The strategic and operational challenges Nike faces are vast and will require a large amount of time and effort. This is especially true because the operational practices and strategies Nike previously adhered to was no longer effective; rather, those practices began to hinder its success. One operational challenge Nike faces is the development of a strict monitoring system in its factories overseas. On the other hand, hiring a firm to ensure accurate accounting reports are produced is a strategic challenge. Moreover, determining a country to set up another factory in is both a strategic and operational challenge. Nike faces several challenges; however, it can achieve continual success through an effective operational and strategic plan.
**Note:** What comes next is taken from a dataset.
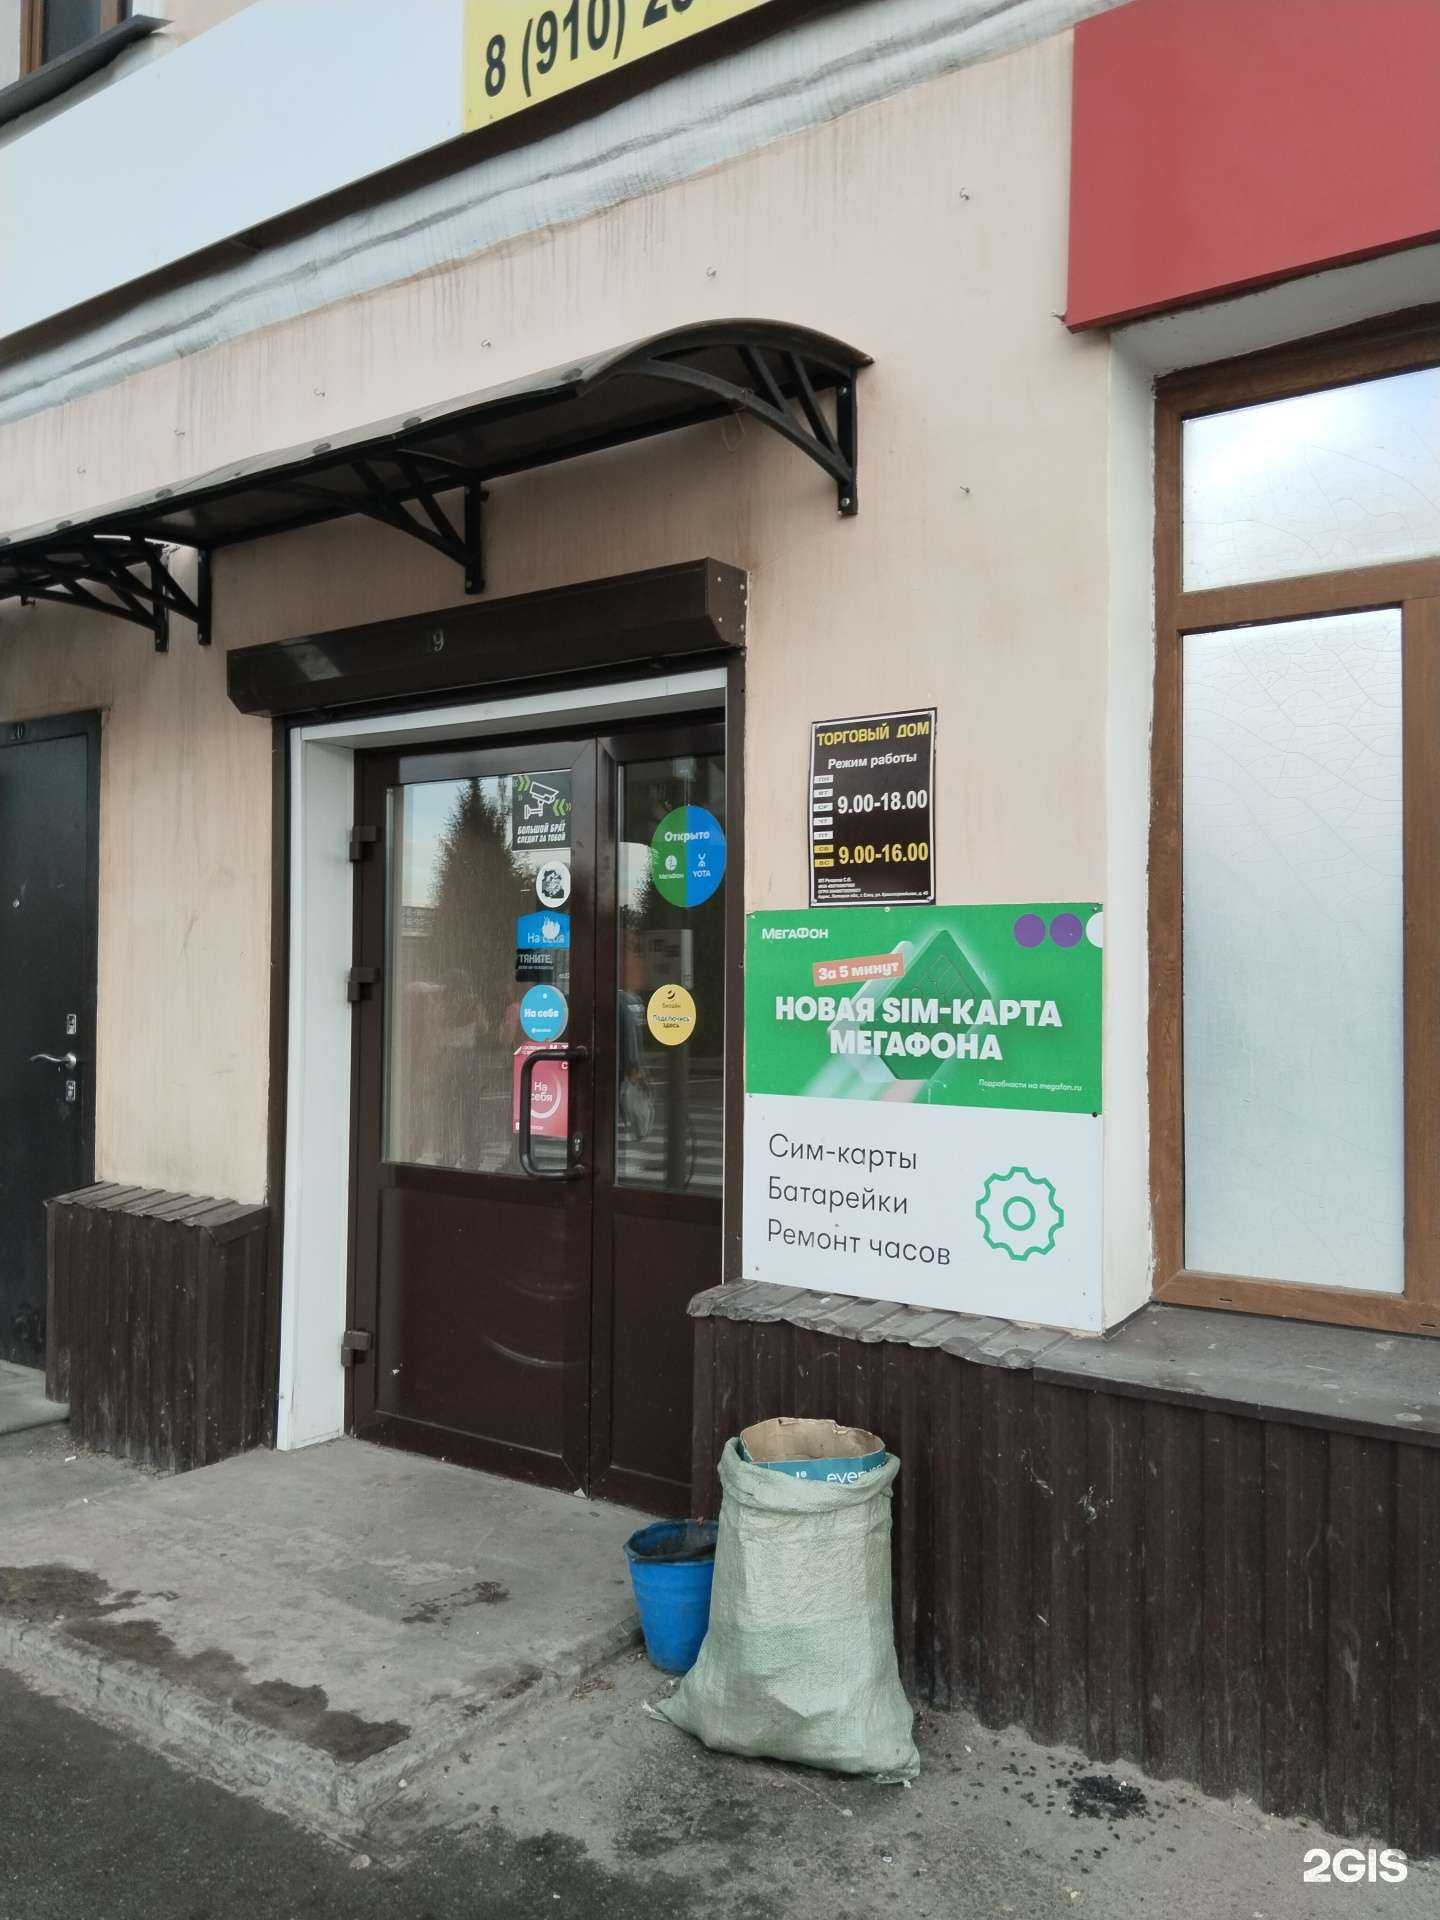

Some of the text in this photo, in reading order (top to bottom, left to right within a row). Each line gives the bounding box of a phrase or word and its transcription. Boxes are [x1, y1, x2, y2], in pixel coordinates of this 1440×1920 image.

Therefore, the factories and sweatshops established overseas by Nike launched a debate regarding whether Nike was in compliance or violation of ethical guidelines and regulations. Despite several attempts, Nike is still the focus of protests regarding violation of child labor laws and unsafe working environments. Moreover, numerous governmental organizations have worked with Nike to ensure safe and ethical business practices and to monitor the sweatshops Nike established overseas. Consequently, Nike was forced to change its operational and strategic plans drastically in order to remain successful and appease labor and civil rights unions. The case of the Nike sweatshops demonstrated how difficult it can be for a business to become global because of the different rules and regulations established by that country.
Hill, Charles (2009). International business: competing in the global marketplace. New York: McGraw-Hill/Irwin.